Woodwalker feels this is always evident in behaviour. "when discussions follow the form of intelligent inquiry, consensus will eventually always shift towards higher quality (more neutral, more balanced). It's the contributors that prevent intelligent inquiry (by being rude, by editing against the consensus, etc) that form the real barrier. I am opinionated in many subjects, so are all of us. Yet I keep that in mind when I edit, or simply don't edit the subjects I think I'm not neutral in".

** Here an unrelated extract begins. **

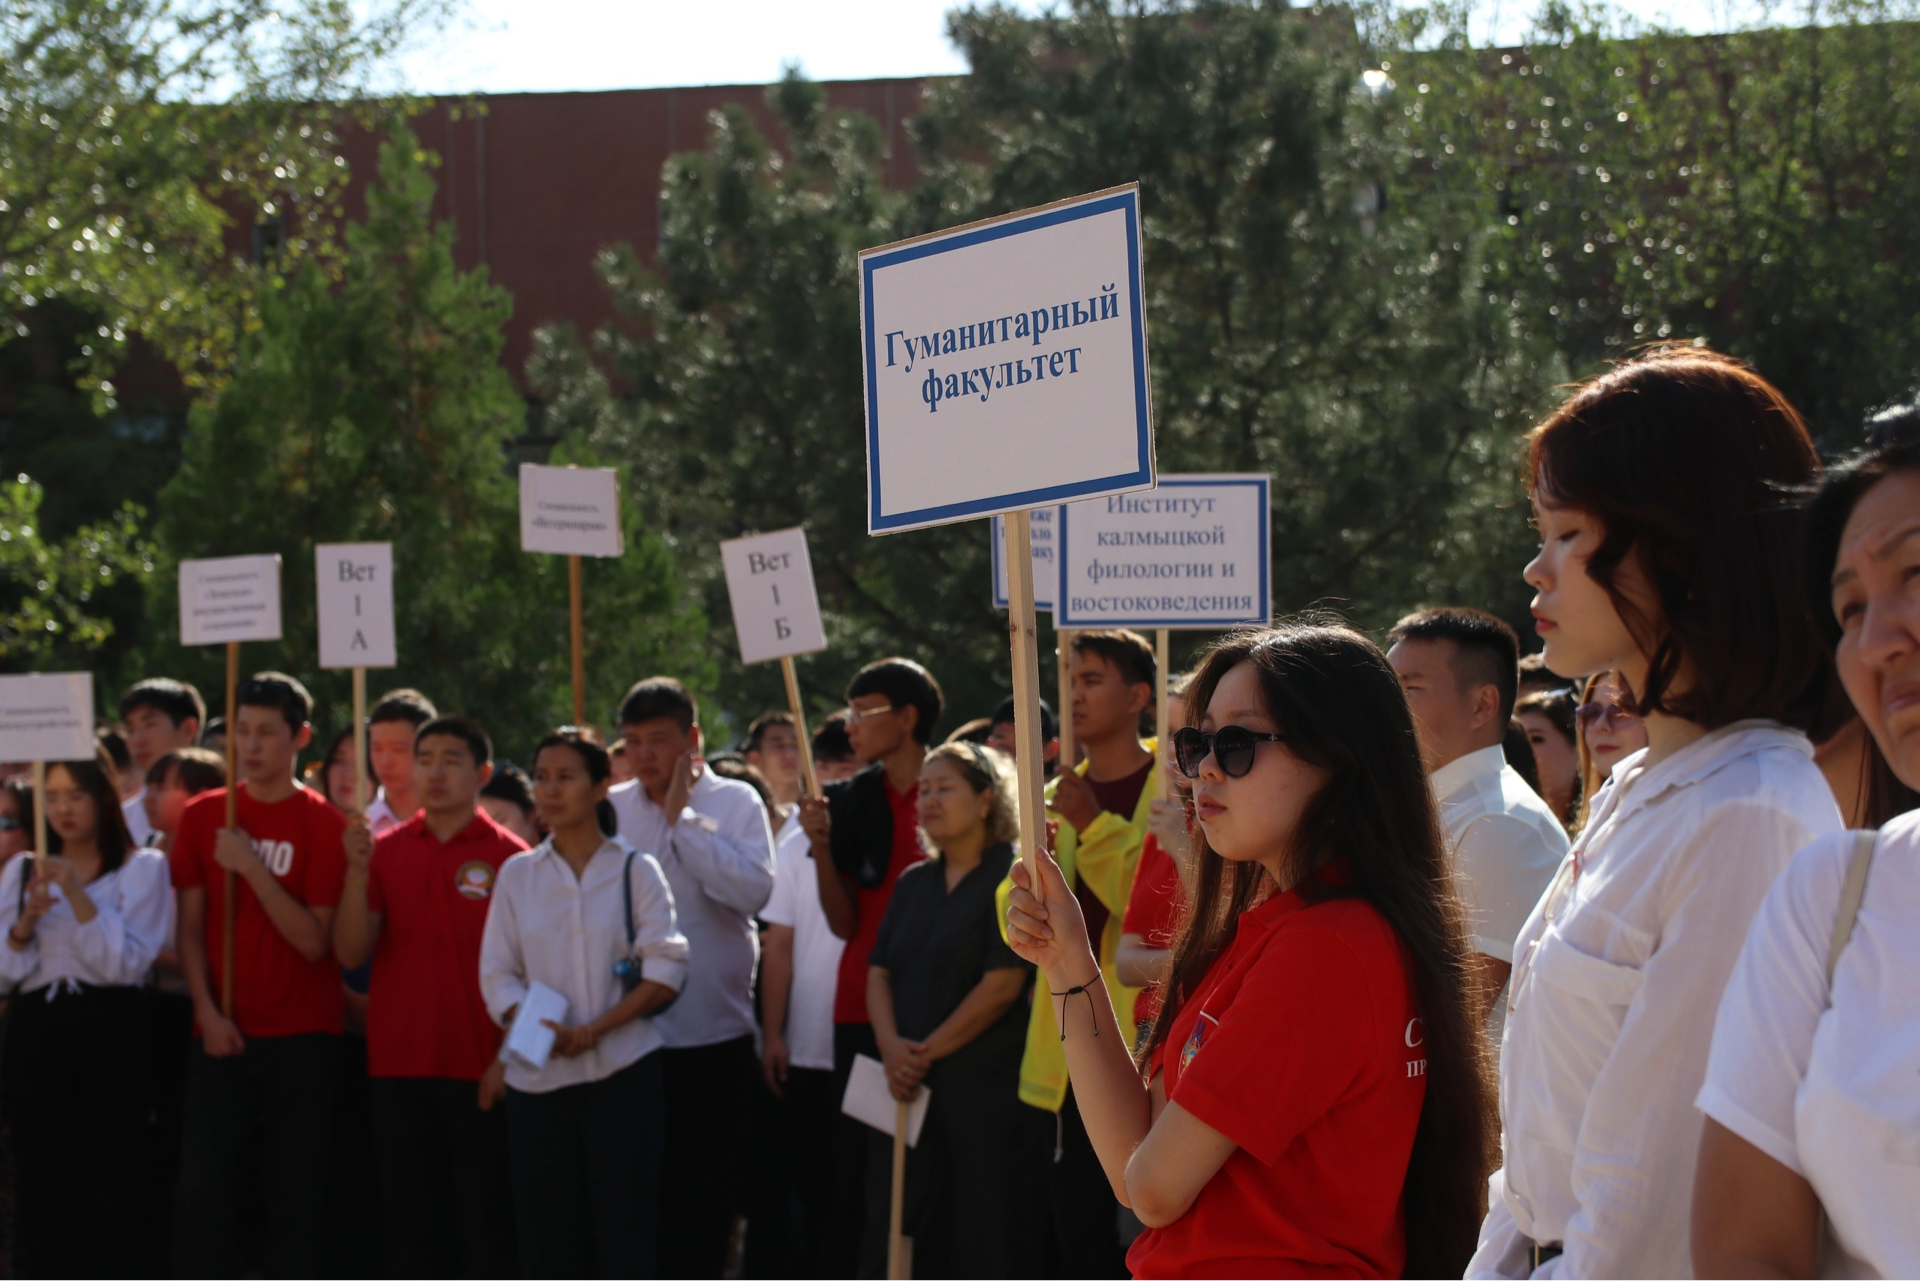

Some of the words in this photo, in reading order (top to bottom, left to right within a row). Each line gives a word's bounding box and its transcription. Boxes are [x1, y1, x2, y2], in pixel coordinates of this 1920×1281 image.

Randomran felt the grey area was a major factor. For example, "a new user who thought something was wrong or untrue on-wiki and said "stop pushing lies" or "I'm an expert, you need to step aside and listen to me" - would that be that offensive? What if a user is one of many people who support a given stance, so that when an admin says a point is "original research" or otherwise insufficient quality he is overwhelmed by furious users?" He commented that at present, anything but obvious stuff is very difficult to address because of these types of issues. In such cases there are often many users who will claim it's right, or "fair game".
Philippe concurred.

Woodwalker felt that Bhneihouse's "brand" was the similar to his term "factors of quality". He felt that "Edits that kill neutrality and/or balance are by far worse [than vandalism, which we block for anyway], because they are so difficult to recognize. We should be prepared to be at least as punitive in such cases. That said, I'm always in favour of second chances, and third, as long as the user shows to have gained insight in why his behaviour was wrong". Bhneihouse concurred.

End note - communication

MissionInn.Jim pointed to the Wikipedia article on "communication" and specifically to the research showing that some 93% of communication was non-verbal, which "partly explains why there is so much discord on Wikipedia": "People read too much or too little into what is being said, or they just don't grasp intended subtleties because the reader applies their own emphasis on words and interpretation based on their own state of mind. The writer's vocal and physical cues are cut out of the conversation. Misinterpretation quickly escalates into arguments and negative behavior. I find it is critical that I divorce myself from all emotion whenever I write or read something on Wikipedia...."

Woodwalker concurred, noting when Wikipedia stops being "a nice hobby" people leave or take a break. "if we really want to be able to raise quality to a higher level than the ruder part of our contributors is able to understand, we have to somehow get over the barrier of discussions being decided by ignorance and self-over-estimation".